Philadelphia veteran uses a cell phone to talk to a PCOM medical student in a patient history interview assignment.First-year medical students partnered with the Philadelphia VA Medical Center to interview veterans and test critical listening skills.

As a doctor, one of the most important skills to possess is the ability to listen. Recently, a group of first-year Doctor of Osteopathic Medicine (DO) students at Philadelphia College of Osteopathic Medicine (PCOM) took part in “Veteran’s Affair: My Life, My Story”, a community experience in the Medical Humanities Course designed to challenge students’ critical listening skills.

PCOM partnered with the Philadelphia VA Medical Center to connect students with a veteran interviewee. Students were required to set up a phone interview, compiling a list of questions that they felt were most important for writing a robust patient history. Students were not given access to any of the veteran’s history, either personal or medical. Upon completion of their interview, students transcribed what they learned and transcriptions were then shared with the veteran to test the student’s accuracy.
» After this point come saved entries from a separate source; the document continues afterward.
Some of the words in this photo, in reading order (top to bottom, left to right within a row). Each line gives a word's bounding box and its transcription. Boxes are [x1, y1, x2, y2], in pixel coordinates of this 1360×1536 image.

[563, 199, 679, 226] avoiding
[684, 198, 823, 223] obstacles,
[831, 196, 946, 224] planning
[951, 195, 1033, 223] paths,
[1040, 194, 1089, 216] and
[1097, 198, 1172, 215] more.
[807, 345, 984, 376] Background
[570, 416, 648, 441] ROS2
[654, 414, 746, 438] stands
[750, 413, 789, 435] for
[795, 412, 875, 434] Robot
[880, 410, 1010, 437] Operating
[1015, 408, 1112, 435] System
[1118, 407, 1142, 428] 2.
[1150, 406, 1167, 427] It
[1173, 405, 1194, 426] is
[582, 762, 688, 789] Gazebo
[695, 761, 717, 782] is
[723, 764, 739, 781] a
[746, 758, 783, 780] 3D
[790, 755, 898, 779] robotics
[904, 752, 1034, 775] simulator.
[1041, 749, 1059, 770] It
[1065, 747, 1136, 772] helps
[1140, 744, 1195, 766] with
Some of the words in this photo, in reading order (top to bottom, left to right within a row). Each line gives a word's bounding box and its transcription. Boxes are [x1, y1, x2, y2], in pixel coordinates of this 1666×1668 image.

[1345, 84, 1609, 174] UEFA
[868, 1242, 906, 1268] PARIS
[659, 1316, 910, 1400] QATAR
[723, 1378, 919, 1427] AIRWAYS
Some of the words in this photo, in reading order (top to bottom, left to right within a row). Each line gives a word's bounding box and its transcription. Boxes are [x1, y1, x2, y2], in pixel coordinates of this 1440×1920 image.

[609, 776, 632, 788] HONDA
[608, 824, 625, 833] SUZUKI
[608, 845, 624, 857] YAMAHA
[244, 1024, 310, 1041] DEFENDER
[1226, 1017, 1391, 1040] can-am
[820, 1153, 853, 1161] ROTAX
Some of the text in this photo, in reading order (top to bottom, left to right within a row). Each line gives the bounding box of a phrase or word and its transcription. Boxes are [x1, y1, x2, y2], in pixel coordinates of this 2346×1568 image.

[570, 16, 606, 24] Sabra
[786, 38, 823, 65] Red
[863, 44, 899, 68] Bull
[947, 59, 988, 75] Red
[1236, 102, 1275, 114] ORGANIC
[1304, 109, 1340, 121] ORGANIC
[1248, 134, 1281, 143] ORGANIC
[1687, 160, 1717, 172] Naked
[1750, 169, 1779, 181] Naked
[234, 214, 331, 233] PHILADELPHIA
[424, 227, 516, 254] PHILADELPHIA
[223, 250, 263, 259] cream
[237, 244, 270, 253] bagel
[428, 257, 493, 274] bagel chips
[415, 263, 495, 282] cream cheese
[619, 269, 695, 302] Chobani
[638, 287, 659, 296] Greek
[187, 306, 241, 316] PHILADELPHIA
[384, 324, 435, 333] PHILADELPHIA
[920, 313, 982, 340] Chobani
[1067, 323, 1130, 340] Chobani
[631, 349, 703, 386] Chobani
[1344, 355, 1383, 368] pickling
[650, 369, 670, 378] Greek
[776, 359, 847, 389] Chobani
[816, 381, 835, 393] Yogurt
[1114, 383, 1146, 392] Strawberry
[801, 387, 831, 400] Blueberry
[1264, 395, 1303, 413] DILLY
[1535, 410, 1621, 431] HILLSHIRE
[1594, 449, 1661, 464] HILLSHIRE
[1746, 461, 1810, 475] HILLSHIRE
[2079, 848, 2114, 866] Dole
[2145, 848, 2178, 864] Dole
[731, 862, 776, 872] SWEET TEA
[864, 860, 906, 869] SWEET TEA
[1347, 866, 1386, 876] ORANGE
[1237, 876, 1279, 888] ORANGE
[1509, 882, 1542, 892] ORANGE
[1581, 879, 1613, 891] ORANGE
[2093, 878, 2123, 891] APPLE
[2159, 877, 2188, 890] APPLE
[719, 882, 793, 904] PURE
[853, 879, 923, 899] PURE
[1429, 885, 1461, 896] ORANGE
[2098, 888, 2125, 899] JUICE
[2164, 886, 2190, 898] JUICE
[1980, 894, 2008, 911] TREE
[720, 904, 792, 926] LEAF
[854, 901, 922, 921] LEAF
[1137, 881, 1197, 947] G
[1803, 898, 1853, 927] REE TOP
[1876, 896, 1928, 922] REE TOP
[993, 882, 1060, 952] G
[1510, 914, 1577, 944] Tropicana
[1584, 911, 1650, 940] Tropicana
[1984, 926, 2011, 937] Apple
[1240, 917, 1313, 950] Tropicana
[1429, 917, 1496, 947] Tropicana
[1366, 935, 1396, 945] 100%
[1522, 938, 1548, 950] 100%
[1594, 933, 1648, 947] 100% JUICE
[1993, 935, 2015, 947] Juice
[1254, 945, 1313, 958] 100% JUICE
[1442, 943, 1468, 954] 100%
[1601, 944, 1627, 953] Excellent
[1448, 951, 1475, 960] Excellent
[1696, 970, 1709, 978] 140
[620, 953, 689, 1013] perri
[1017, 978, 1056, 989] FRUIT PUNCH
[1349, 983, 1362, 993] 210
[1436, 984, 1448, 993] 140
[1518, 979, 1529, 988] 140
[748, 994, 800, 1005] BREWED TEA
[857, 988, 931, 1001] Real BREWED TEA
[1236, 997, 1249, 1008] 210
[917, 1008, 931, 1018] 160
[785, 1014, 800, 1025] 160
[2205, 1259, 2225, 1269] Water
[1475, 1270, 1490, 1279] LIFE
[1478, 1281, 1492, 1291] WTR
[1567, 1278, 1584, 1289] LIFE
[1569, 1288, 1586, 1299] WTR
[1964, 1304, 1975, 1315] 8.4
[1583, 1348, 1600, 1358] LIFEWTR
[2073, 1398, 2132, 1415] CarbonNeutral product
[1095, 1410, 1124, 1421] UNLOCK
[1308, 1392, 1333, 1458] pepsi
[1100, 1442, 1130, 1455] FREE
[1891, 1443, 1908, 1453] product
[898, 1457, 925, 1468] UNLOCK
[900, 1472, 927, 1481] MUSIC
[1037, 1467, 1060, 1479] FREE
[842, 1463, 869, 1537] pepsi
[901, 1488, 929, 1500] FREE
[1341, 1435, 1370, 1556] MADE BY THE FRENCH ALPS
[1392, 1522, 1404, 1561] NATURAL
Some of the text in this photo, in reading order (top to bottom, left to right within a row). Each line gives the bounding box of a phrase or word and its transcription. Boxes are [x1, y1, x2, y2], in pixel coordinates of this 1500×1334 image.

“This community experience was a reminder that when you’re treating a patient there is a whole life history that we may not know about,” shared Erica Redmann (DO ’24), a member of the first cohort of students in this course. “I was fortunate to have a great experience, with a veteran who was very open about his life. I had a lot to write about and it made me better understand the depth of history we, as future physicians, will need to gather when caring for patients,” continued Ms. Redmann.

Upon completion of this community experience, students came together to share their experience and provide feedback for future cohorts. There are plans to continue this program with a new group of students in both December and January.

When asked what her favorite part of this community experience was, Ms. Redmann shared, “It’s exciting to know that the personal histories we’ve written [once reviewed by the veterans for accuracy] will be included as part of their patient history file. Their physicians can look to these personal histories when deciding a course of care for these patients in the future.”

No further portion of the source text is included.